** WHAT IS EXPECTED **
Apart from the images, the records below need to be copied exactly.

** Dataset entries **
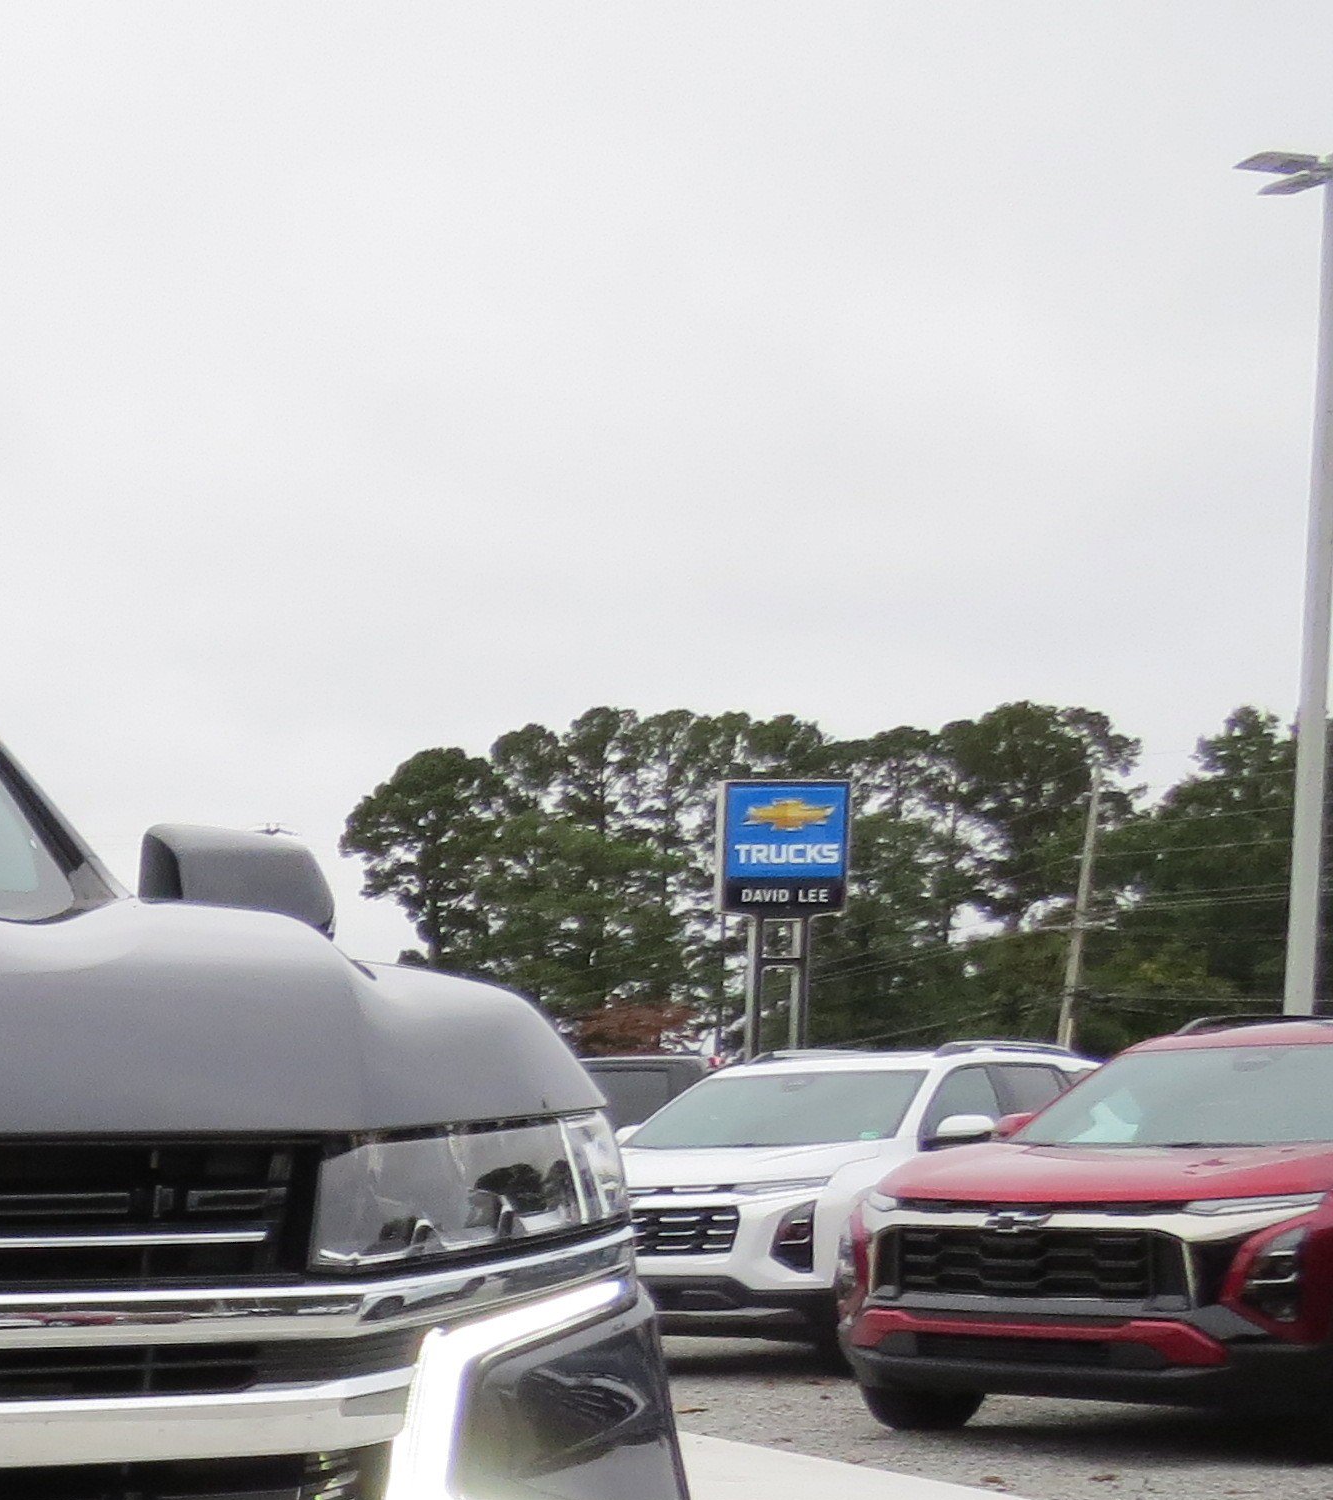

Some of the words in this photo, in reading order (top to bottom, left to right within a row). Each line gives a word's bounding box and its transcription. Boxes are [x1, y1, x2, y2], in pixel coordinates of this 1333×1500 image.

[735, 843, 840, 864] TRUCKS
[741, 888, 790, 903] DAVID
[798, 888, 830, 903] LEE
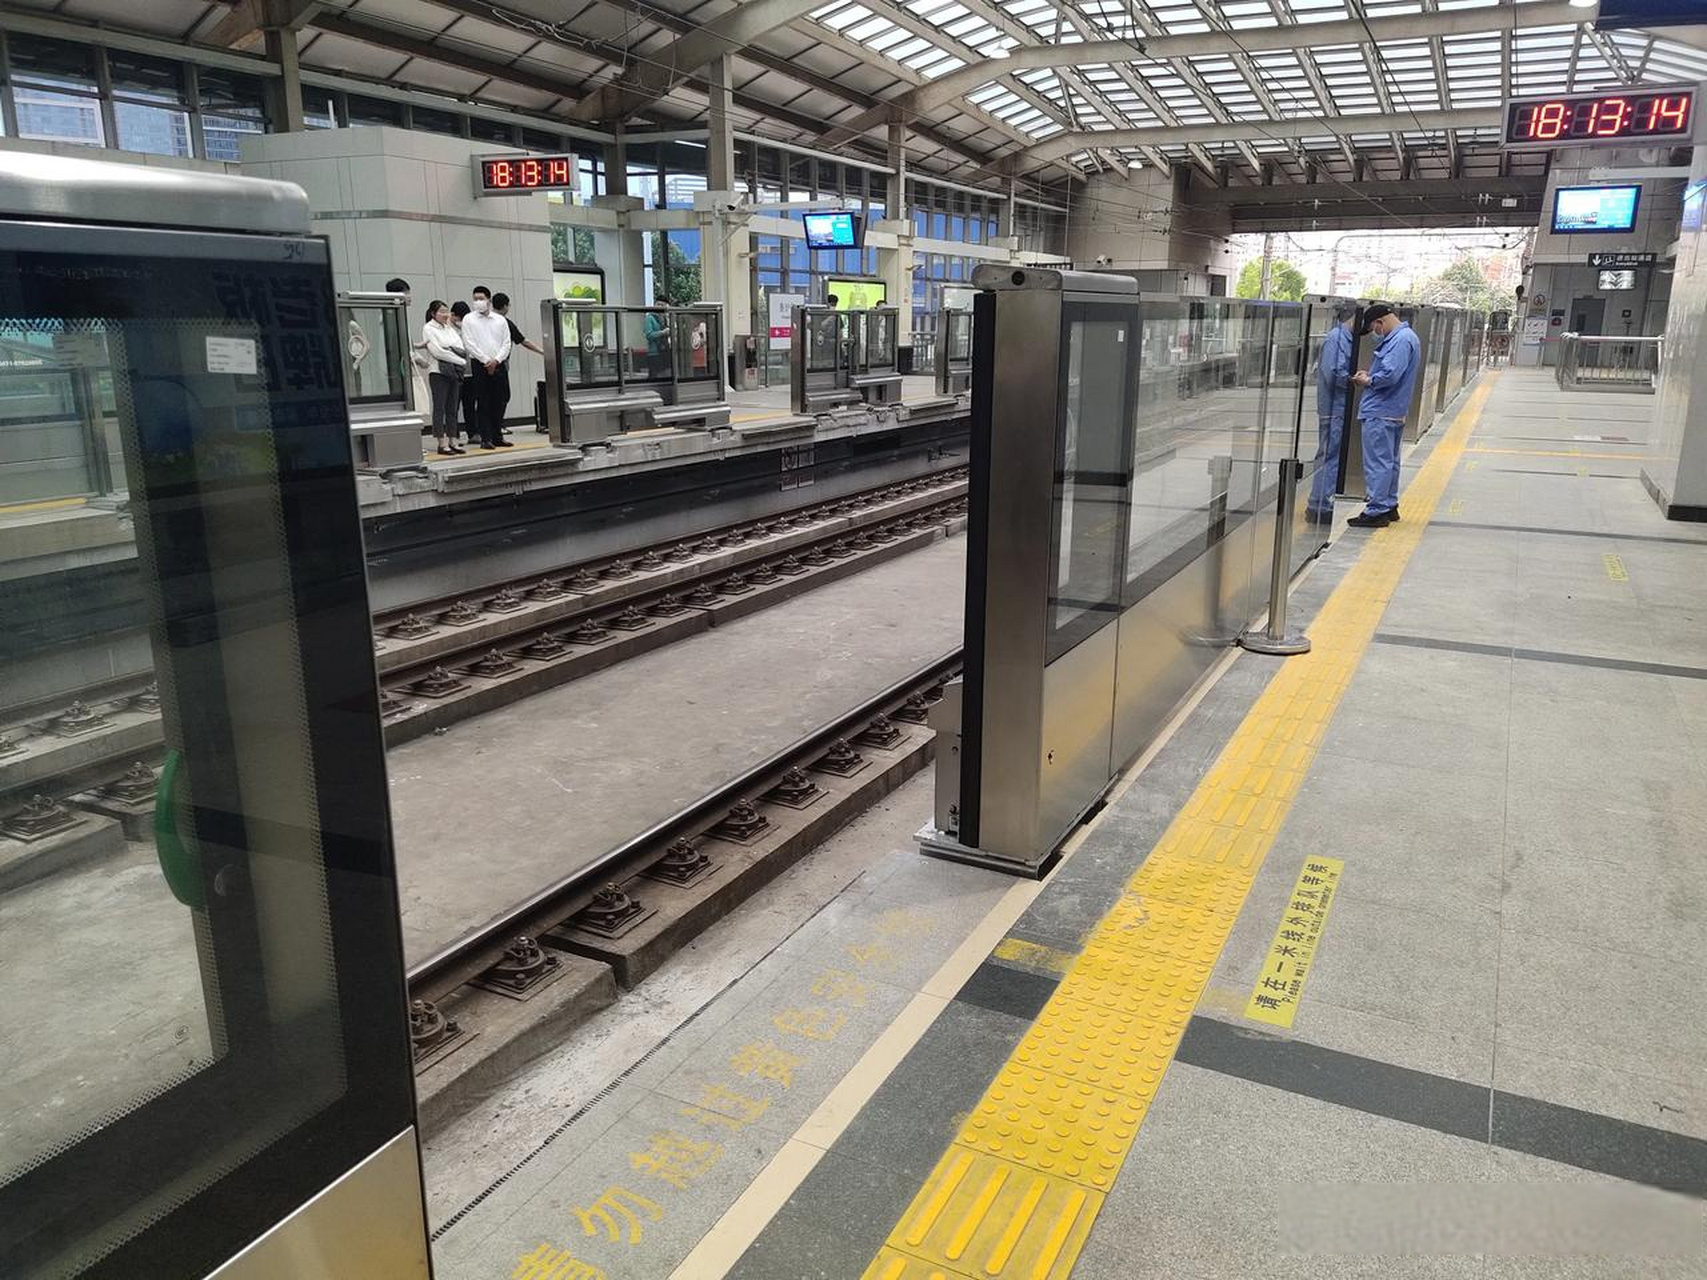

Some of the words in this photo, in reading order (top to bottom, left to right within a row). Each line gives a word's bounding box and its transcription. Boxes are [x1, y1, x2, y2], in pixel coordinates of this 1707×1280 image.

** EXERCISE RESPONSE **
Some of the words in this photo, in reading order (top to bottom, left to right within a row). Each line gives a word's bounding box and its transcription. Boxes are [x1, y1, x2, y2], in pixel coordinates of this 1333×1500 image.

[735, 843, 840, 864] TRUCKS
[741, 888, 790, 903] DAVID
[798, 888, 830, 903] LEE

Some of the words in this photo, in reading order (top to bottom, left to right within a row). Each line gives a word's bounding box and its transcription. Boxes are [x1, y1, x2, y2], in pixel coordinates of this 1707×1280 image.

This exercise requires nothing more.